==== Data section
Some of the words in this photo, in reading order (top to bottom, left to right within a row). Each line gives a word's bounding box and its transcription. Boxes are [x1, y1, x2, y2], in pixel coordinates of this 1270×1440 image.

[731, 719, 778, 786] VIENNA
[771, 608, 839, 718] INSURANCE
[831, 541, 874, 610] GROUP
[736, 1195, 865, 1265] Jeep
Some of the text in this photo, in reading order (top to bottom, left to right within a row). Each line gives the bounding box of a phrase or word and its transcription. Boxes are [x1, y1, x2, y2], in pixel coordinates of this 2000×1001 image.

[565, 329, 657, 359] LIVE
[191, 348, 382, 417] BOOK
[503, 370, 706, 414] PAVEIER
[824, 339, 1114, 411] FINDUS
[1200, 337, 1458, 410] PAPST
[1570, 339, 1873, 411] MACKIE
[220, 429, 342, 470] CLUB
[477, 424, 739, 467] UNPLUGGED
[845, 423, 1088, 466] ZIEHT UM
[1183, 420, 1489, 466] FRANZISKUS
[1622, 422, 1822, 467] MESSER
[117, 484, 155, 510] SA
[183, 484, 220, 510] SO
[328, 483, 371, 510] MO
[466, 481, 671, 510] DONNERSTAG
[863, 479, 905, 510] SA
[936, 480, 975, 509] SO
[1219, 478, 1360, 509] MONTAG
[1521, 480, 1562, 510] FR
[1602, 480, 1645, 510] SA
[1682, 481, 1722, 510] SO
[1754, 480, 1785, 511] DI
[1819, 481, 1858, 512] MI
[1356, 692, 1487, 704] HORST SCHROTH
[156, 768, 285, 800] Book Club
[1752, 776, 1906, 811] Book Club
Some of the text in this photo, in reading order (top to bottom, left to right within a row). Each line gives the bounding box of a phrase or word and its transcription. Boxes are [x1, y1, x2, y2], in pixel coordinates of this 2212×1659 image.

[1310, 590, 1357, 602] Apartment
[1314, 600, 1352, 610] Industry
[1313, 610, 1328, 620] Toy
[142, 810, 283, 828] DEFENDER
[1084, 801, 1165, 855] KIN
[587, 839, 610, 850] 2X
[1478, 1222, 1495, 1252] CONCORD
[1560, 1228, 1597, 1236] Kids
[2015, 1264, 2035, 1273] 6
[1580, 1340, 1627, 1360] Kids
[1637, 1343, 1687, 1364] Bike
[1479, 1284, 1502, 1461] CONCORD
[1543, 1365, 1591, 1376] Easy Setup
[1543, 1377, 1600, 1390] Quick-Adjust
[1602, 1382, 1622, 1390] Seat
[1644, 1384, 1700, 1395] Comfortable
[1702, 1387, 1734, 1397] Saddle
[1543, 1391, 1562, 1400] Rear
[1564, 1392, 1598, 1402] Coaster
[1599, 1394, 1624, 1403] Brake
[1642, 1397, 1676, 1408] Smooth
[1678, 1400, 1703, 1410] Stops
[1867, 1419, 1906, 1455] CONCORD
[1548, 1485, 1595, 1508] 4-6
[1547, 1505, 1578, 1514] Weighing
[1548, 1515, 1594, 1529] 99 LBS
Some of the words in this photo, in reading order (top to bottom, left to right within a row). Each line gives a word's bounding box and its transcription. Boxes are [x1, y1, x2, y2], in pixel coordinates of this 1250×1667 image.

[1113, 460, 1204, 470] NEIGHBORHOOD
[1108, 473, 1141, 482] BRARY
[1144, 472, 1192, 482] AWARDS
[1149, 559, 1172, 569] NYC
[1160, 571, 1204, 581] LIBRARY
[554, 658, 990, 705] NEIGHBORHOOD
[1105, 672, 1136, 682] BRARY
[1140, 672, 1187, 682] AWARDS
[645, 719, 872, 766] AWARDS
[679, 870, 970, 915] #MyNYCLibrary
========
= Task item =
What is needed here is the full listing, restated word for word.

= Result of this exercise =
Some of the words in this photo, in reading order (top to bottom, left to right within a row). Each line gives a word's bounding box and its transcription. Boxes are [x1, y1, x2, y2], in pixel coordinates of this 1270×1440 image.

[731, 719, 778, 786] VIENNA
[771, 608, 839, 718] INSURANCE
[831, 541, 874, 610] GROUP
[736, 1195, 865, 1265] Jeep
Some of the text in this photo, in reading order (top to bottom, left to right within a row). Each line gives the bounding box of a phrase or word and its transcription. Boxes are [x1, y1, x2, y2], in pixel coordinates of this 2000×1001 image.

[565, 329, 657, 359] LIVE
[191, 348, 382, 417] BOOK
[503, 370, 706, 414] PAVEIER
[824, 339, 1114, 411] FINDUS
[1200, 337, 1458, 410] PAPST
[1570, 339, 1873, 411] MACKIE
[220, 429, 342, 470] CLUB
[477, 424, 739, 467] UNPLUGGED
[845, 423, 1088, 466] ZIEHT UM
[1183, 420, 1489, 466] FRANZISKUS
[1622, 422, 1822, 467] MESSER
[117, 484, 155, 510] SA
[183, 484, 220, 510] SO
[328, 483, 371, 510] MO
[466, 481, 671, 510] DONNERSTAG
[863, 479, 905, 510] SA
[936, 480, 975, 509] SO
[1219, 478, 1360, 509] MONTAG
[1521, 480, 1562, 510] FR
[1602, 480, 1645, 510] SA
[1682, 481, 1722, 510] SO
[1754, 480, 1785, 511] DI
[1819, 481, 1858, 512] MI
[1356, 692, 1487, 704] HORST SCHROTH
[156, 768, 285, 800] Book Club
[1752, 776, 1906, 811] Book Club
Some of the text in this photo, in reading order (top to bottom, left to right within a row). Each line gives the bounding box of a phrase or word and its transcription. Boxes are [x1, y1, x2, y2], in pixel coordinates of this 2212×1659 image.

[1310, 590, 1357, 602] Apartment
[1314, 600, 1352, 610] Industry
[1313, 610, 1328, 620] Toy
[142, 810, 283, 828] DEFENDER
[1084, 801, 1165, 855] KIN
[587, 839, 610, 850] 2X
[1478, 1222, 1495, 1252] CONCORD
[1560, 1228, 1597, 1236] Kids
[2015, 1264, 2035, 1273] 6
[1580, 1340, 1627, 1360] Kids
[1637, 1343, 1687, 1364] Bike
[1479, 1284, 1502, 1461] CONCORD
[1543, 1365, 1591, 1376] Easy Setup
[1543, 1377, 1600, 1390] Quick-Adjust
[1602, 1382, 1622, 1390] Seat
[1644, 1384, 1700, 1395] Comfortable
[1702, 1387, 1734, 1397] Saddle
[1543, 1391, 1562, 1400] Rear
[1564, 1392, 1598, 1402] Coaster
[1599, 1394, 1624, 1403] Brake
[1642, 1397, 1676, 1408] Smooth
[1678, 1400, 1703, 1410] Stops
[1867, 1419, 1906, 1455] CONCORD
[1548, 1485, 1595, 1508] 4-6
[1547, 1505, 1578, 1514] Weighing
[1548, 1515, 1594, 1529] 99 LBS
Some of the words in this photo, in reading order (top to bottom, left to right within a row). Each line gives a word's bounding box and its transcription. Boxes are [x1, y1, x2, y2], in pixel coordinates of this 1250×1667 image.

[1113, 460, 1204, 470] NEIGHBORHOOD
[1108, 473, 1141, 482] BRARY
[1144, 472, 1192, 482] AWARDS
[1149, 559, 1172, 569] NYC
[1160, 571, 1204, 581] LIBRARY
[554, 658, 990, 705] NEIGHBORHOOD
[1105, 672, 1136, 682] BRARY
[1140, 672, 1187, 682] AWARDS
[645, 719, 872, 766] AWARDS
[679, 870, 970, 915] #MyNYCLibrary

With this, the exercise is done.